He was surprised at her tone. “Why, sure!” he told her. “Why not? What else?”

Lydia said no more.

She had never felt more helplessly her remoteness from her husband’s world than during that spring. It was a sentiment that Paul, apparently, did not reciprocate. In spite of his frequent absences from home and his detached manner about most domestic questions, he had as definite ideas about his wife’s resumption of her social duties as had everyone else. “It made him uneasy,” as he put it, “to be losing so many points in the game.”

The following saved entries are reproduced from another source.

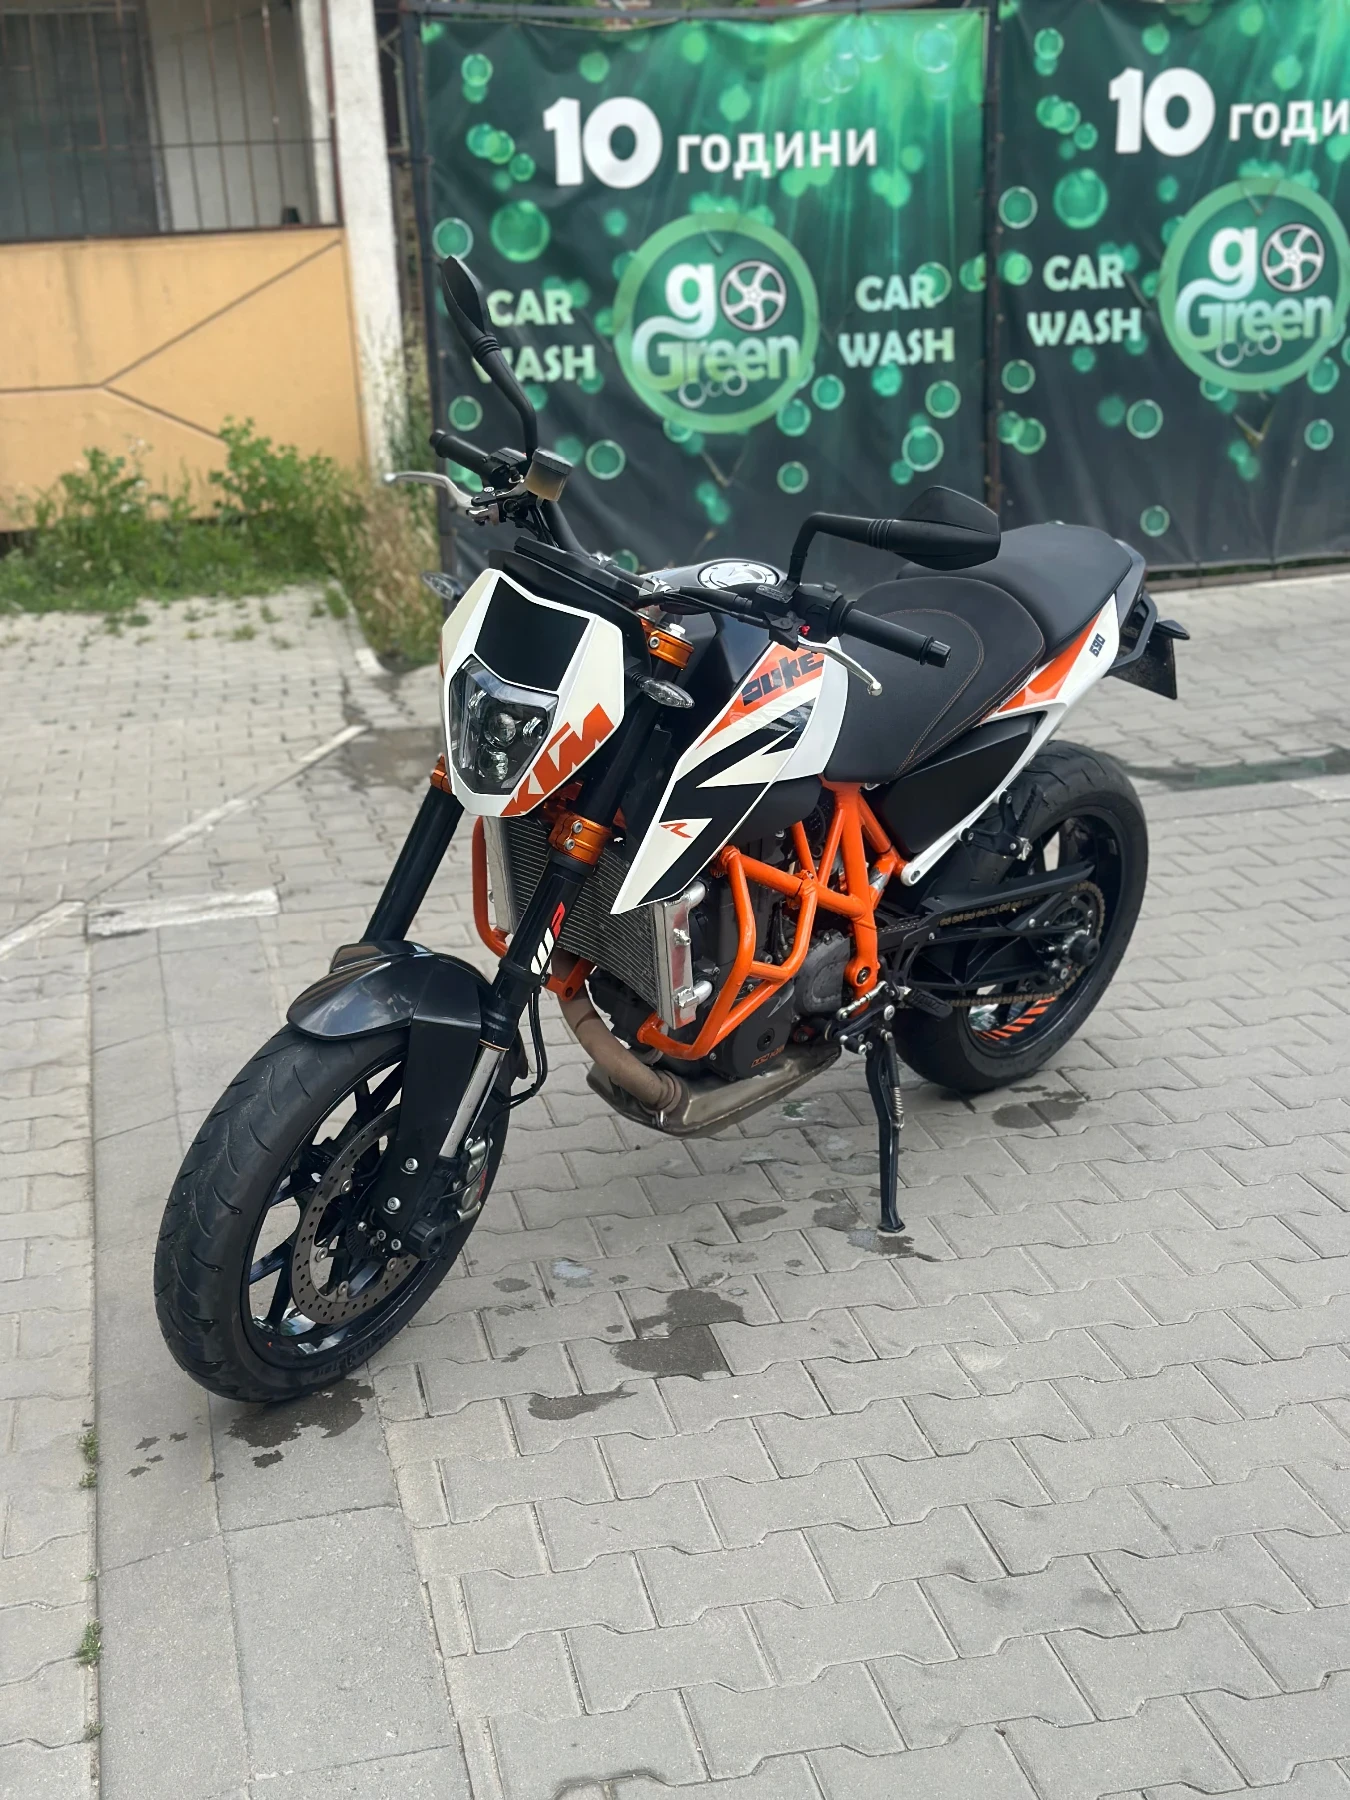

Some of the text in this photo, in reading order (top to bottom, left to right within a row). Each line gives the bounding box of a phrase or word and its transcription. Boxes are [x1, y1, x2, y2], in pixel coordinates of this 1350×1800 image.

[1109, 67, 1216, 157] 10
[543, 96, 662, 188] 10
[855, 274, 937, 313] CAR
[1043, 254, 1125, 292] CAR
[486, 289, 575, 328] CAR
[1026, 307, 1142, 348] WASH
[1175, 278, 1334, 352] Green
[631, 315, 801, 393] Green
[838, 326, 955, 368] WASH
[1089, 633, 1106, 658] 690
[500, 702, 615, 816] KTM

“Look here, my dear,” he said one evening in spring when the question came up; “summer’s almost here, and this winter’s been as good as dropped right out. Can’t you just pick up a few threads and make a beginning? It’ll make it easier in the fall.” He added, uneasily, “We don’t want old Lowder and Madeleine to get ahead of us entirely, you know. You can leave the kid with ’Stashie, can’t you, once in a while? She ought to be able to do that much, I should think.” He spoke as though he had assigned to her the simplest possible of all domestic undertakings. As Lydia made no response, he said finally, before attacking a pile of papers, “If I’m going to earn a lot more money, what good’ll it do us if you don’t do your share? Besides, we owe it to the kid. You want to do your best by your little girl, don’t you?”

As always, Lydia responded with a helpless alacrity to that appeal. “Oh, yes! Oh, yes! We must do our best for her.” This phrase summed up the religion she had at last found after so much fervent, undirected search. The church, as she knew it, was chiefly the social center of various fashionable activities which differed from ordinary fashionable enterprises only in being used to bring in money, which money, handed over to the rector, disappeared into the maw of some unknown, voracious, charitable institution. And beyond the church there had been no element in the life she knew, that was not frankly materialistic. But now, as the miracle of awakening consciousness took place daily in her very sight, and as the first dawnings of a personality began to look out of her child’s eyes, all Lydia’s vague spiritual cravings, all the groping tendrils of her aspirations, clung about the conviction more and more summing up her inner life, that she must do her best for Ariadne, must make the world, into which that little new soul had come, a better place than she herself had found it. She felt as naïvely and passionately that her child must be saved the mistakes that she had made, as though she were the first mother who ever sent up over her baby’s head that pitiful, universal prayer.

The matter of the social duty of the young Hollisters was finally compromised by Lydia’s accepting a number of invitations for the latter part of the season, and giving a series of big receptions in May. They were not by a hair nor a jot nor a tittle to be distinguished from their predecessors of the year before. As they seemed hardly adequate, Lydia suggested half-heartedly that they give a dinner party, but Paul replied, “With ’Stashie to pour soup down people’s backs and ask them how their baby’s whooping cough is, as she passes the potatoes?”

The hot weather came with the rush that was always so unexpected and so invariable, and another season was over. It was a busy, silent, thoughtful summer for Lydia. Of course (much to Lydia’s distress), Ariadne had been weaned when her mother had been forced to leave her to “go out” again, and this necessitated such anxious attention to her diet and general regimen during the hot weather that Lydia was very grateful to have little to interfere with her.

The General Office had accepted provisionally Paul’s redistributing plan, and in his anxiety to prove its value he was away from home more even than usual. The heat was terrible, but Lydia and he both knew no other climate, and Lydia loved the summer as the time of year when the fierceness of Nature forced on all her world a reluctant adjournment of their usual methods of spending their lives. She was absorbed in Ariadne, and the slow, blazing summer days were none too long for her.

The child began to develop an individuality. She was a sensitive, quickly-responsive little thing; exactly, so Mrs. Emery said, like Lydia at her age, except that she seemed to have none of Lydia’s native mirth, but, rather, a little pensive air that made her singularly appealing to all who saw her, and that pierced her mother’s heart with an anguish of protecting love.

Lydia said to her godfather one day, suddenly, “I wonder if people can be taught how to fight?”